■ **What is expected**:
Could you copy every entry exactly, dropping the pictures?

□ □ □

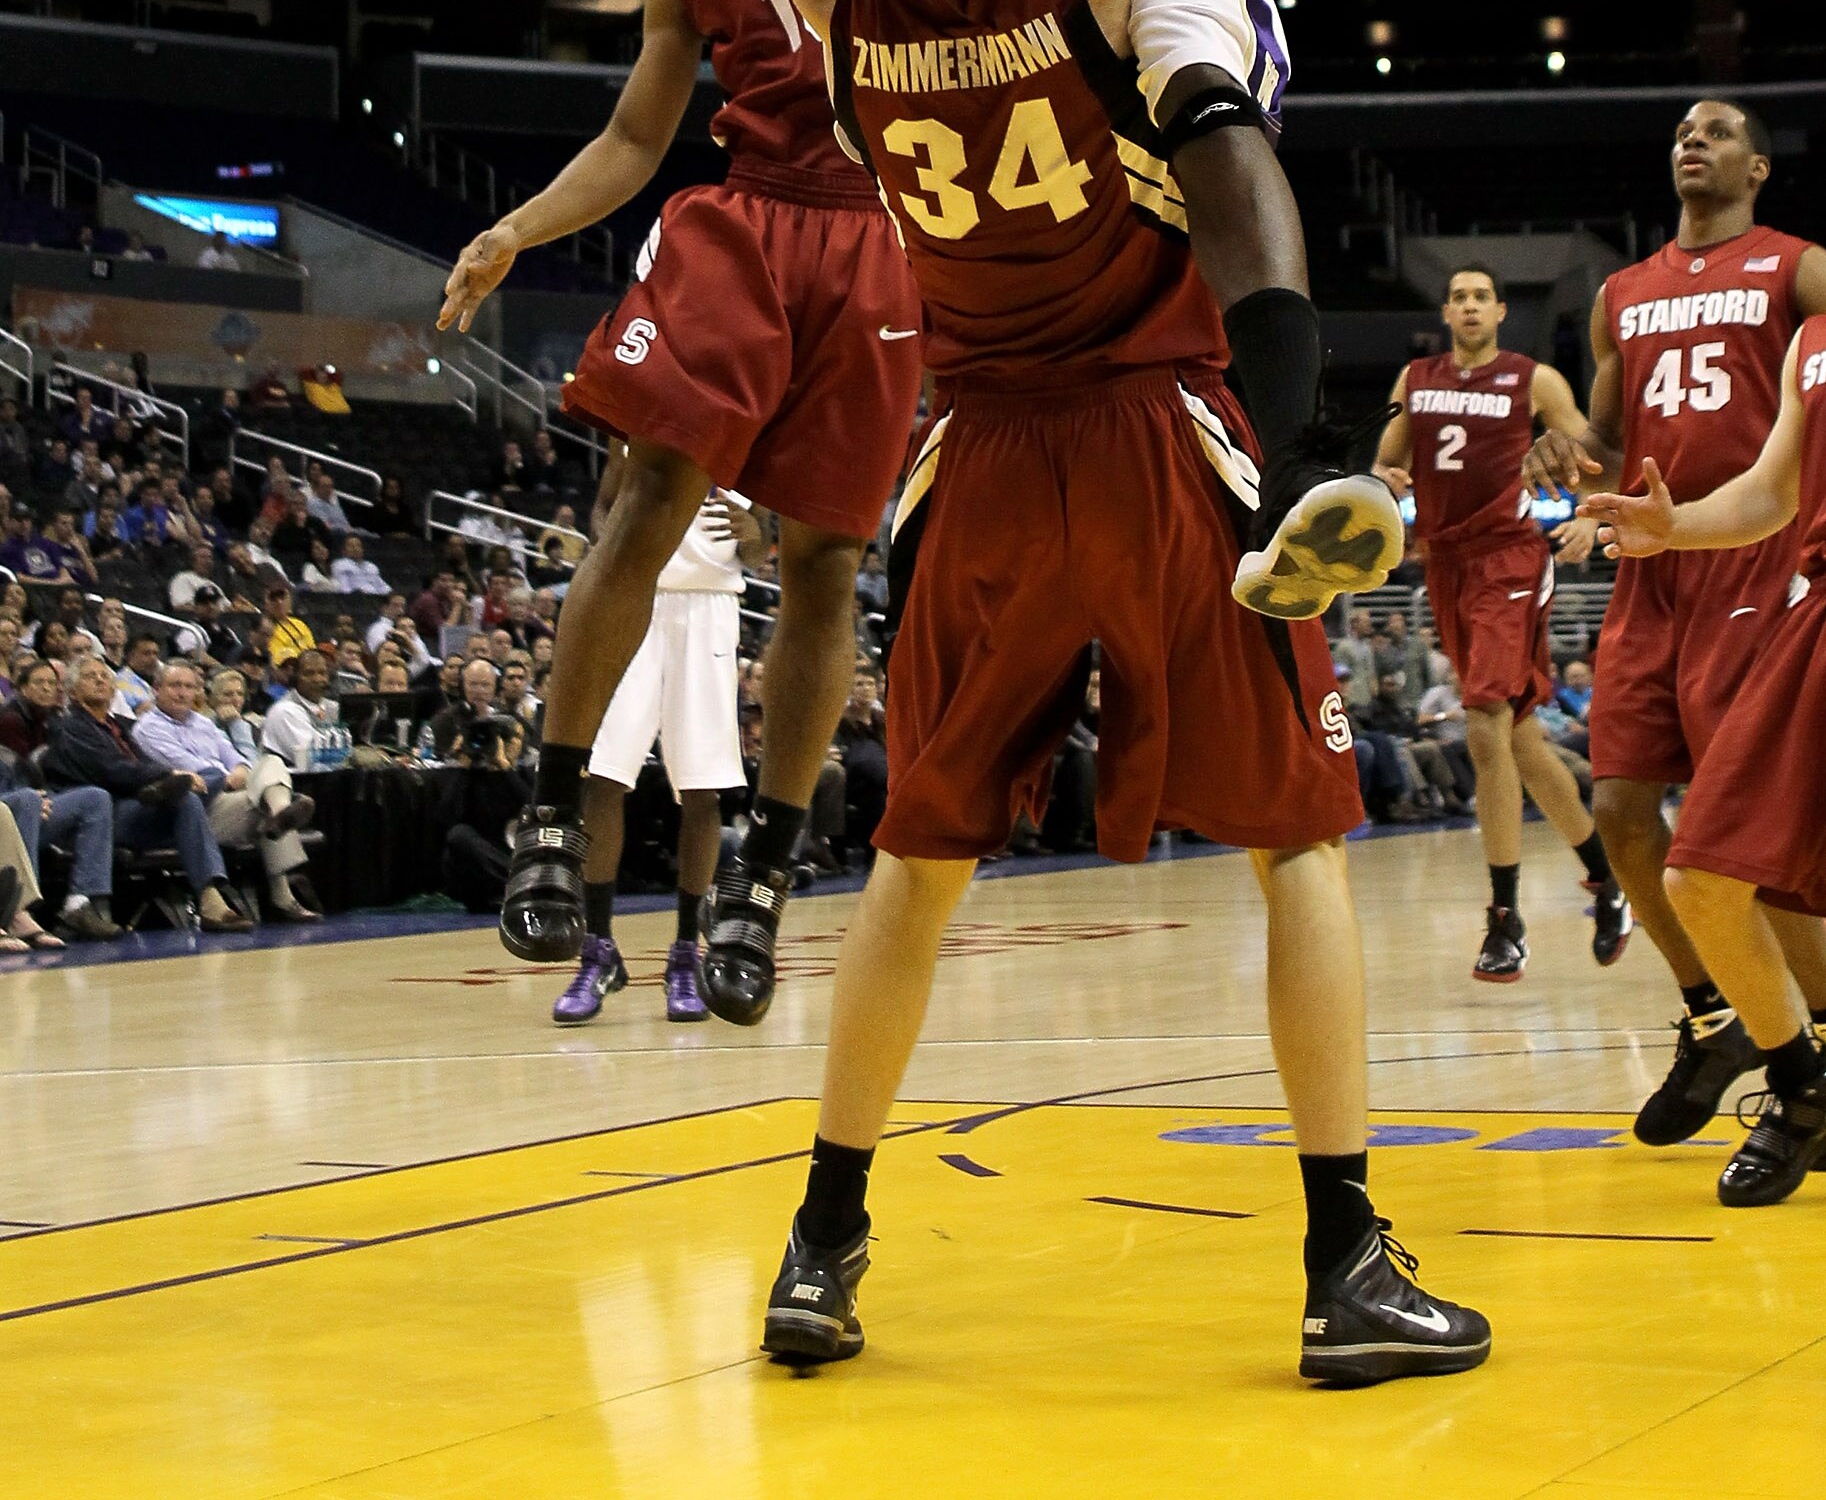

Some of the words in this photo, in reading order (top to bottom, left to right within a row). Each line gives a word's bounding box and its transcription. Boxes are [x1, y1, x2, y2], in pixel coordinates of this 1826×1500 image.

[853, 12, 1072, 93] ZIMMERMANN
[882, 97, 1094, 241] 34
[614, 316, 658, 366] S
[1619, 288, 1770, 342] STANFORD
[1410, 389, 1512, 419] STANFORD
[1643, 342, 1733, 418] 45
[1435, 424, 1468, 472] 2
[1319, 690, 1354, 755] S
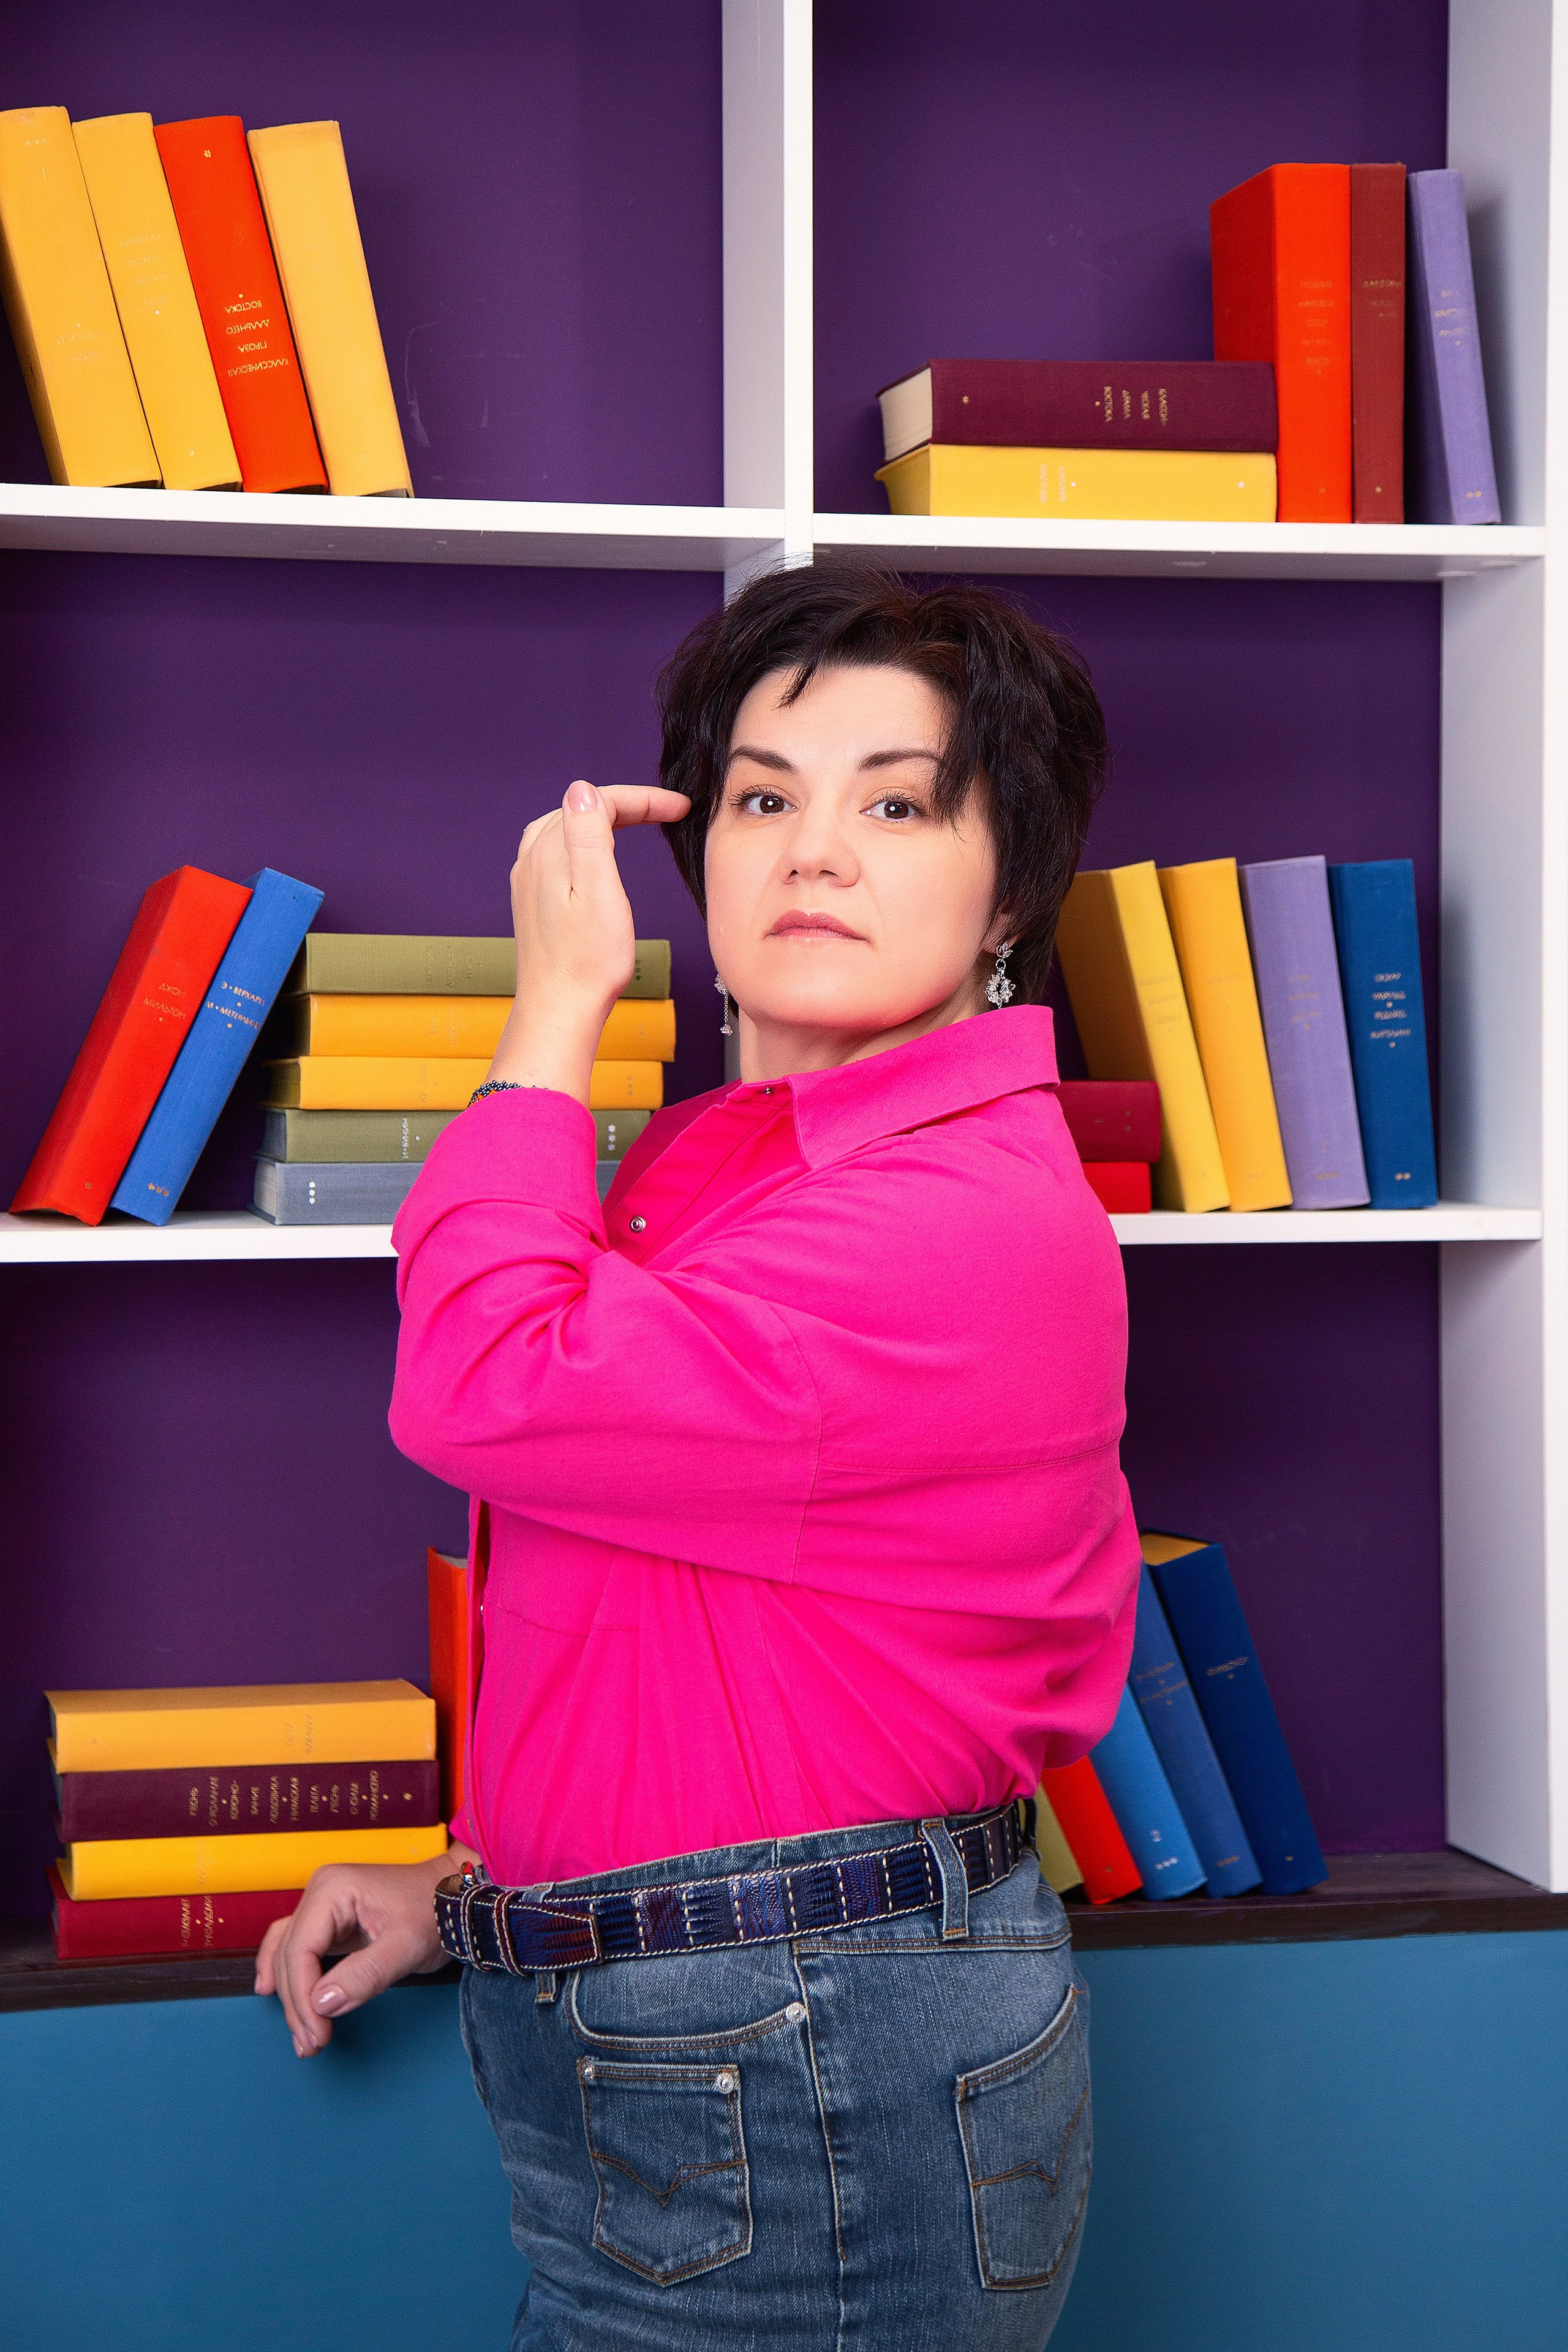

□ □ □

■ **Finished task**:
Some of the words in this photo, in reading order (top to bottom, left to right within a row). Each line gives a word's bounding box and its transcription. Boxes are [x1, y1, x2, y2], in pixel coordinates of this 1826×1500 image.

[853, 12, 1072, 93] ZIMMERMANN
[882, 97, 1094, 241] 34
[614, 316, 658, 366] S
[1619, 288, 1770, 342] STANFORD
[1410, 389, 1512, 419] STANFORD
[1643, 342, 1733, 418] 45
[1435, 424, 1468, 472] 2
[1319, 690, 1354, 755] S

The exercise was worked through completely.